== TO DO ==
Print all of the records. Exclude the images.

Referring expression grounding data
──────────

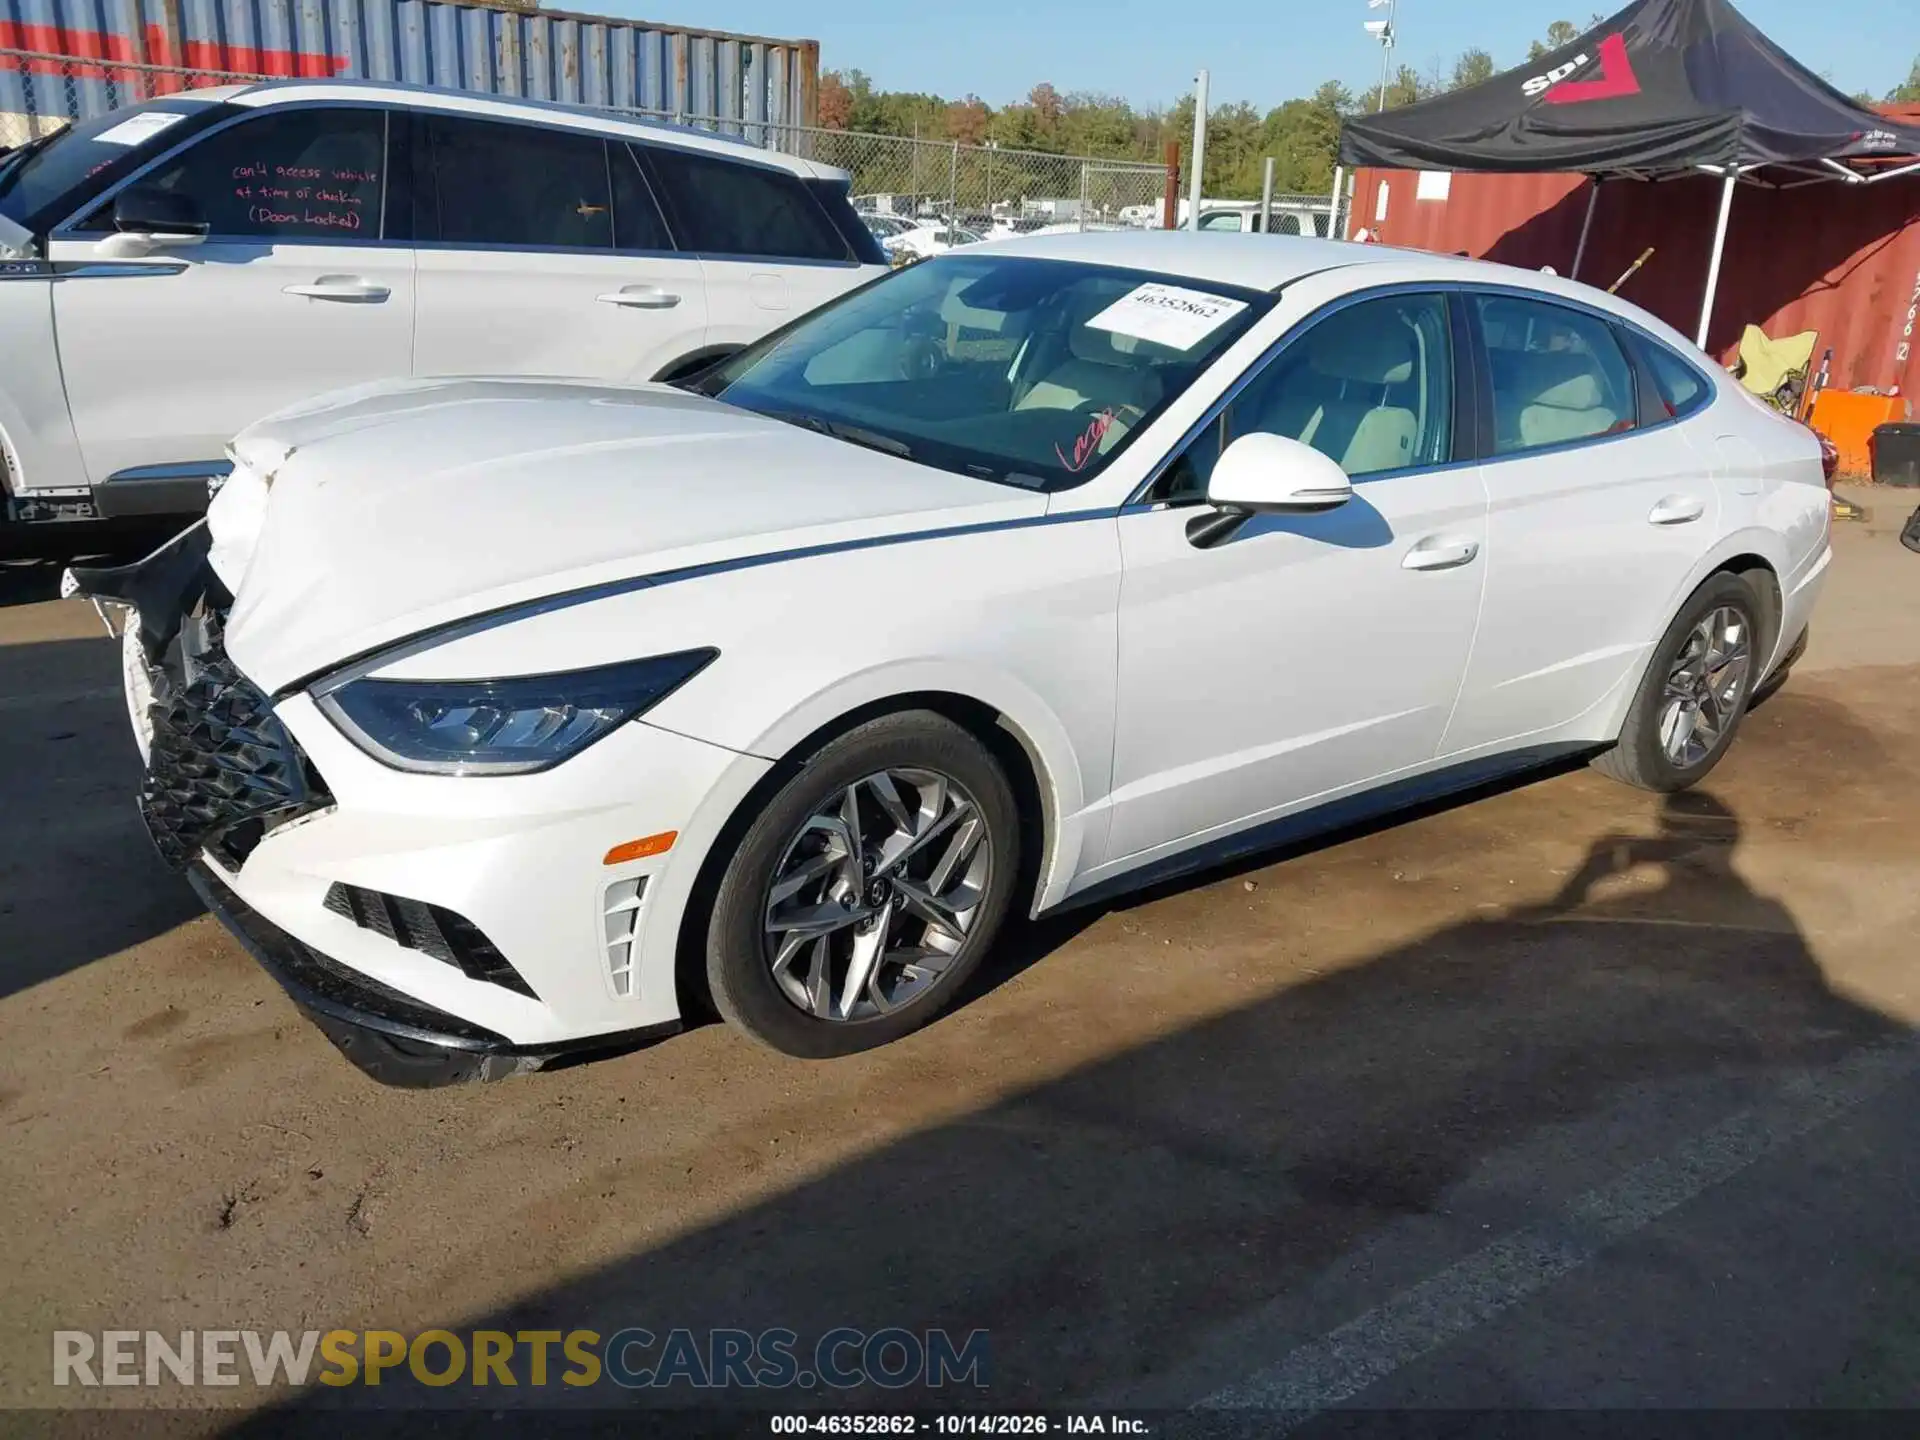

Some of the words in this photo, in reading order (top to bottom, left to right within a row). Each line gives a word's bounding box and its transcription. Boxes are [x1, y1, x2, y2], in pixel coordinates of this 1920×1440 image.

[276, 166, 321, 179] access
[235, 186, 252, 198] at
[259, 187, 290, 198] time
[1136, 293, 1219, 318] 46352862
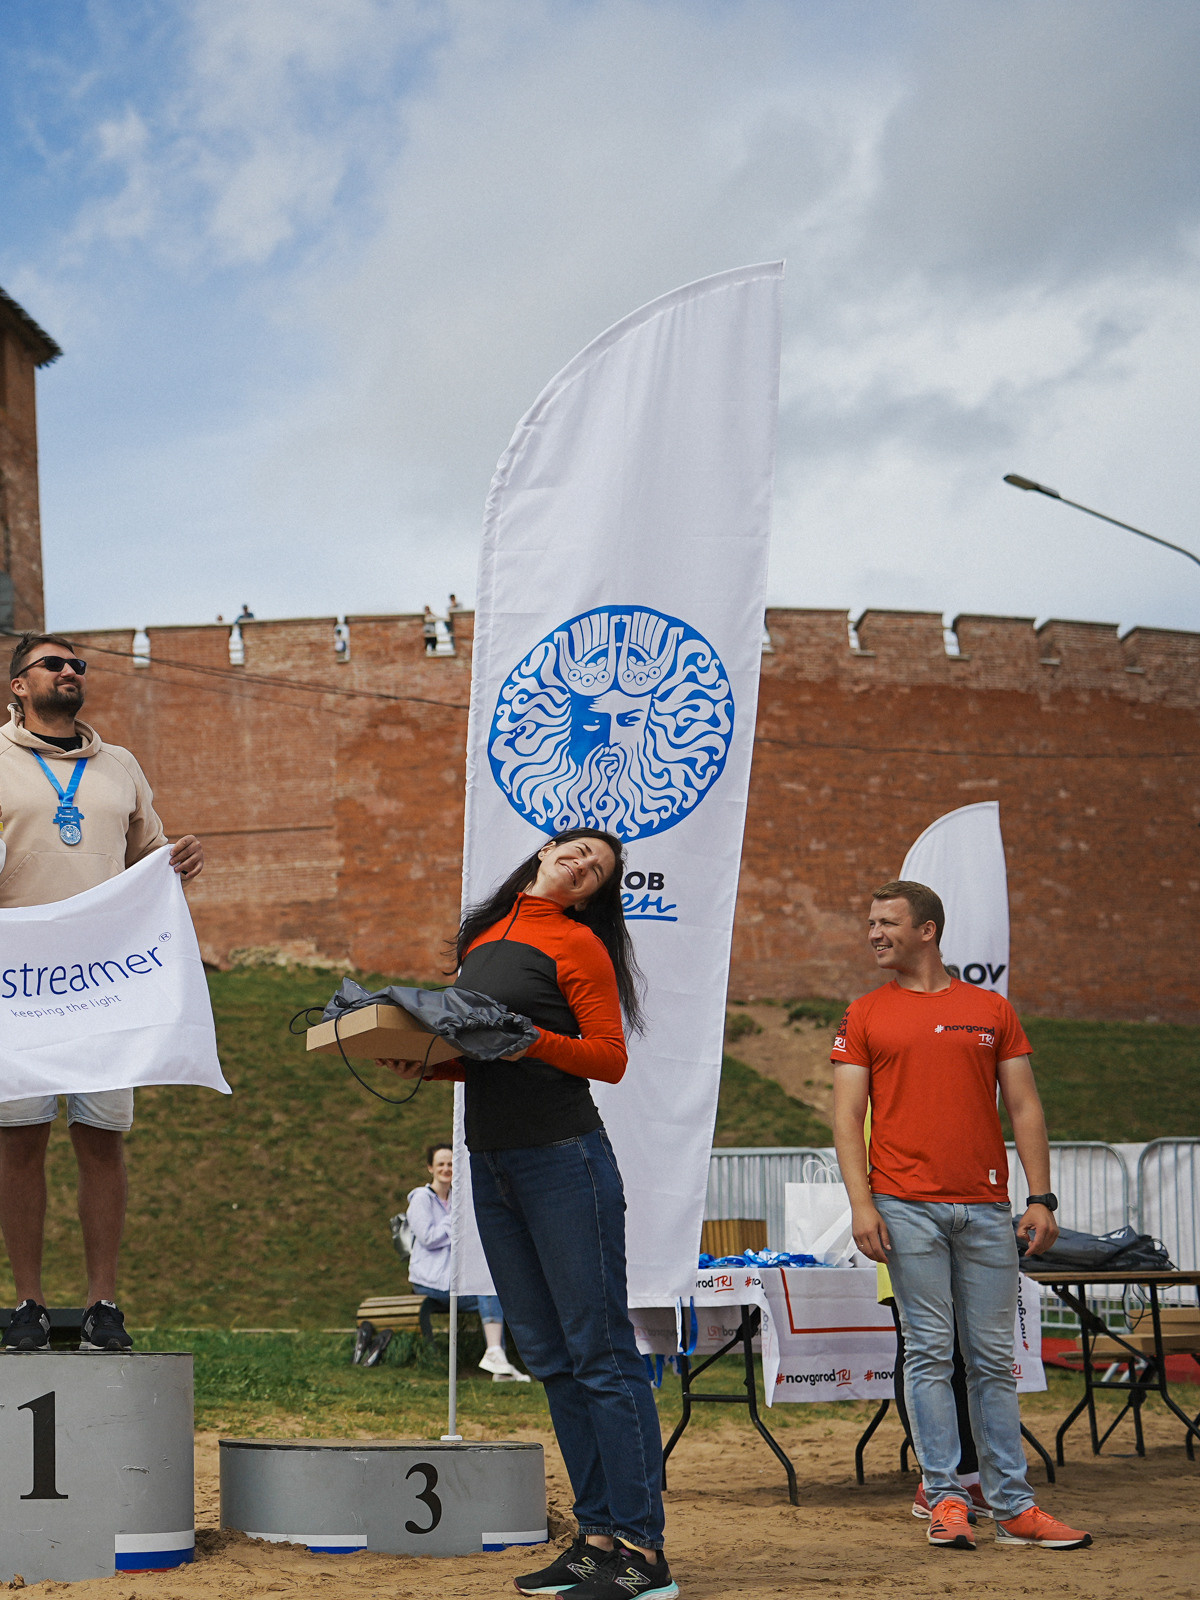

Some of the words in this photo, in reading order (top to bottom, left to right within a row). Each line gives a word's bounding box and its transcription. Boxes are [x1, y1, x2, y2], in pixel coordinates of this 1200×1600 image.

[11, 1006, 65, 1018] keeping
[66, 1003, 88, 1013] the
[91, 994, 122, 1008] light
[934, 1024, 995, 1035] #novgorod
[17, 1390, 69, 1500] 1
[404, 1462, 443, 1535] 3

──────────

== RESULT OF THIS EXERCISE ==
Some of the words in this photo, in reading order (top to bottom, left to right within a row). Each line gives a word's bounding box and its transcription. Boxes are [x1, y1, x2, y2], in pixel coordinates of this 1920×1440 image.

[276, 166, 321, 179] access
[235, 186, 252, 198] at
[259, 187, 290, 198] time
[1136, 293, 1219, 318] 46352862

Some of the words in this photo, in reading order (top to bottom, left to right within a row). Each line gives a word's bounding box and its transcription. Boxes are [x1, y1, x2, y2], in pixel coordinates of this 1200×1600 image.

[11, 1006, 65, 1018] keeping
[66, 1003, 88, 1013] the
[91, 994, 122, 1008] light
[934, 1024, 995, 1035] #novgorod
[17, 1390, 69, 1500] 1
[404, 1462, 443, 1535] 3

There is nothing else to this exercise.